Recently a publication published the Annual Returns of the S&P 500 Sector Indexes is a nice neat chart – the results from 2008 which was a horrible year to 2014 which is more normal.
Utilities
Year 2008 2009 2010 2011 2012 2013 2014 Average 7 years
% -29 11.9 5.9 20 1.3 13.2 29 7.47
Health Care
% -22.8 19.7 2.9 12.8 17.9 41.5 25.3 14.3
Technology
% -43 61 10.2 2.4 14.8 28.4 20.1 13.41
Consumer Discretionary
% -33.5 41.3 27.9 6.2 24.1 43.1 9.7 16.97
Consumer Staples
% -15.4 14.9 14.1 14.0 11.1 26.1 15.8 11.51
Financials
% -55.2 17.2 12.2 -17.1 28.9 35.6 15.2 5.4
Industrials
% -39.9 20.9 26.7 -0.6 15.4 40.7 9.8 10.4
Materials
% -45.6 48.6 22.3 -9.7 15.2 25.6 6.9 9.04
Energy
% -34.9 13.9 20.5 4.7 4.6 25.1 -7.8 3.7
If you start from 2009, the numbers look better but investing with the bulk of your funds should be the long term and economic cycles happen. It would be very hard to have invested after 2008, if you had invested before 2008, although there were many bargains, people are people and the good news was hard to find. It does show if you have cash or continuing funds, there is money to be made after the downturn.

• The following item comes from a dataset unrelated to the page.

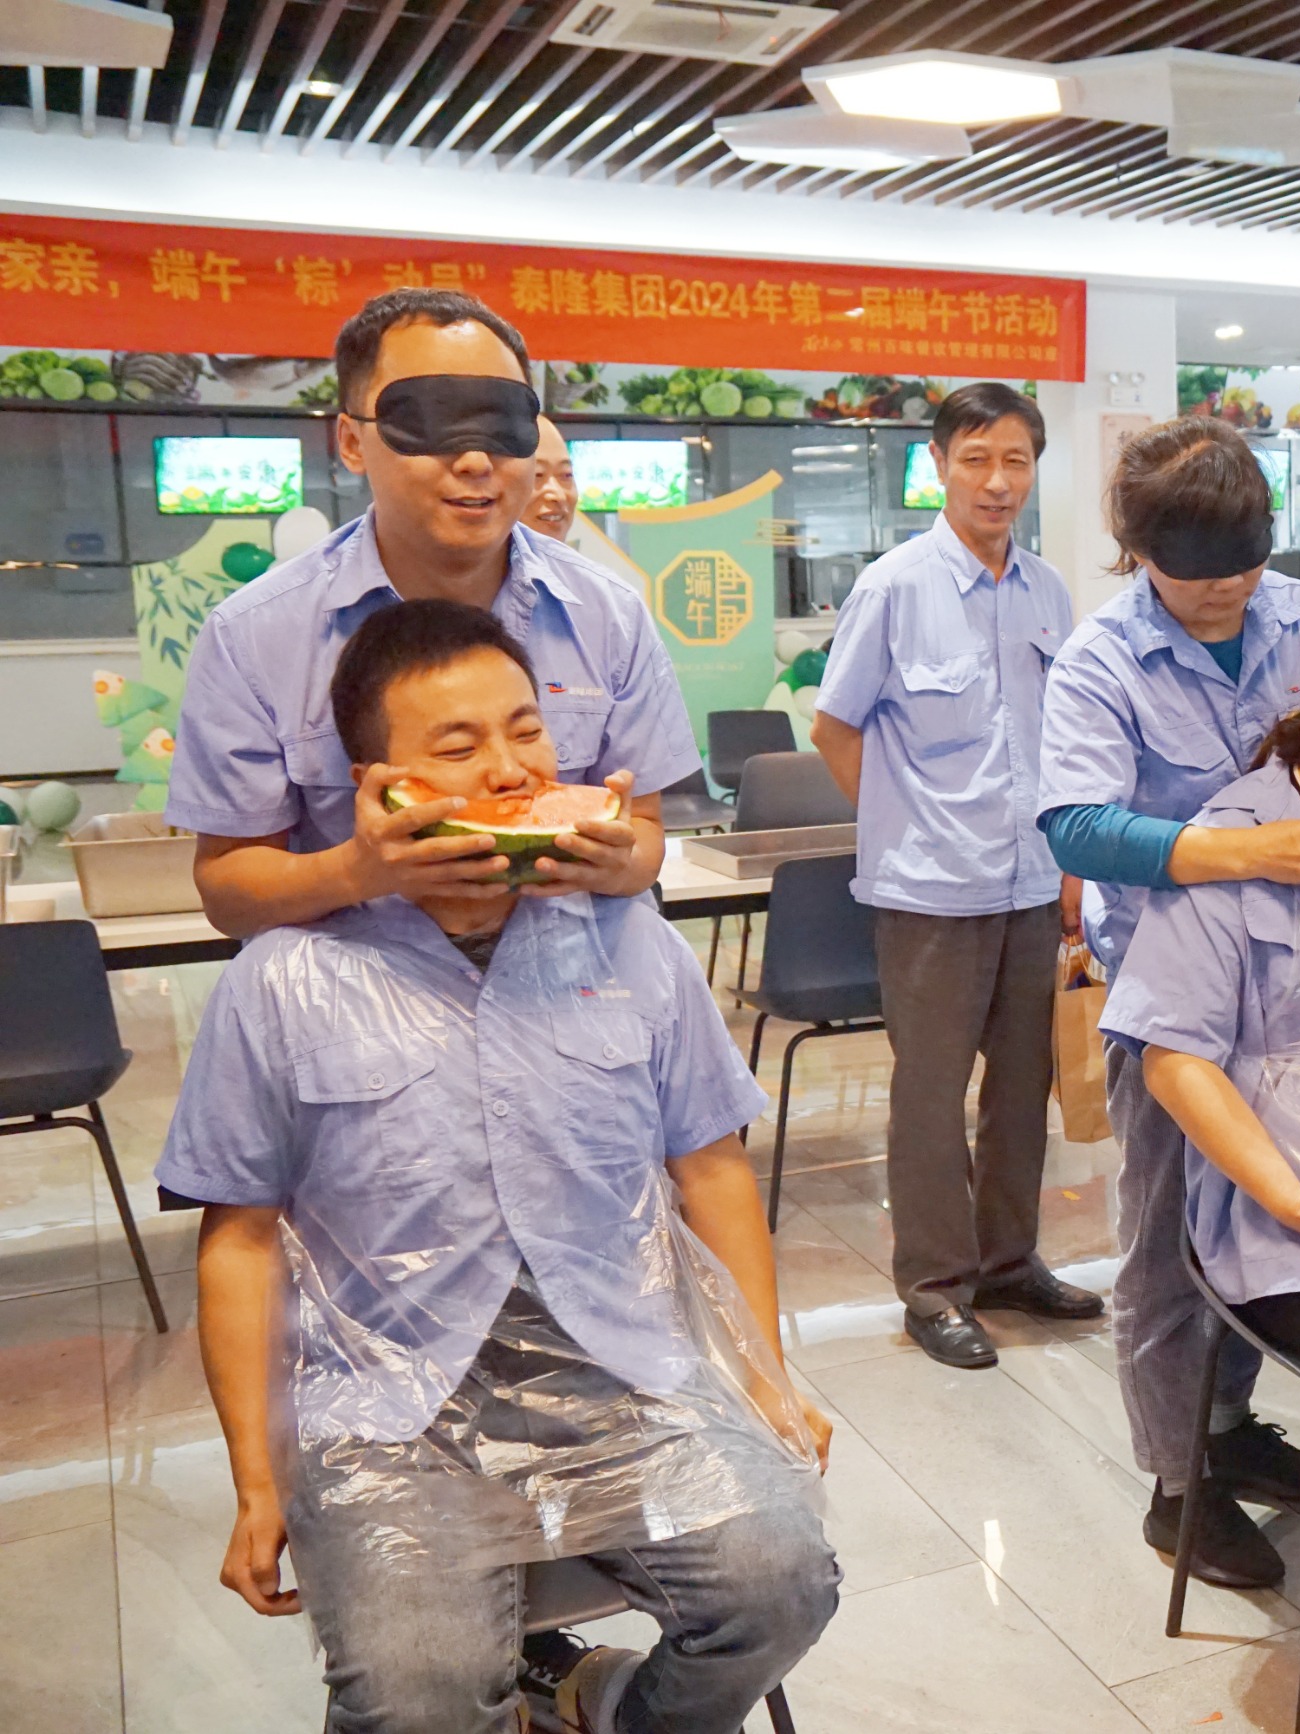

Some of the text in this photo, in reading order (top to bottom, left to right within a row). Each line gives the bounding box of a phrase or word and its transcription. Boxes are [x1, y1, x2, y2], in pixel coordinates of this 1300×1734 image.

[510, 266, 1058, 336] 泰隆集团2024年第二届端午节活动
[685, 559, 713, 635] 端午

Linking to dividend paying stocks, ideally you start with an index and ensure even greater safety by sticking to dividend paying companies within the index. They would have done better on the total return, because you would have received money for holding them. The broad indexes also tell you although you can have biases, the bloggers is financial and energy, but all sectors have good companies within them. If your investments have not done as well as the indexes, perhaps you should be in an index fund with lower fees.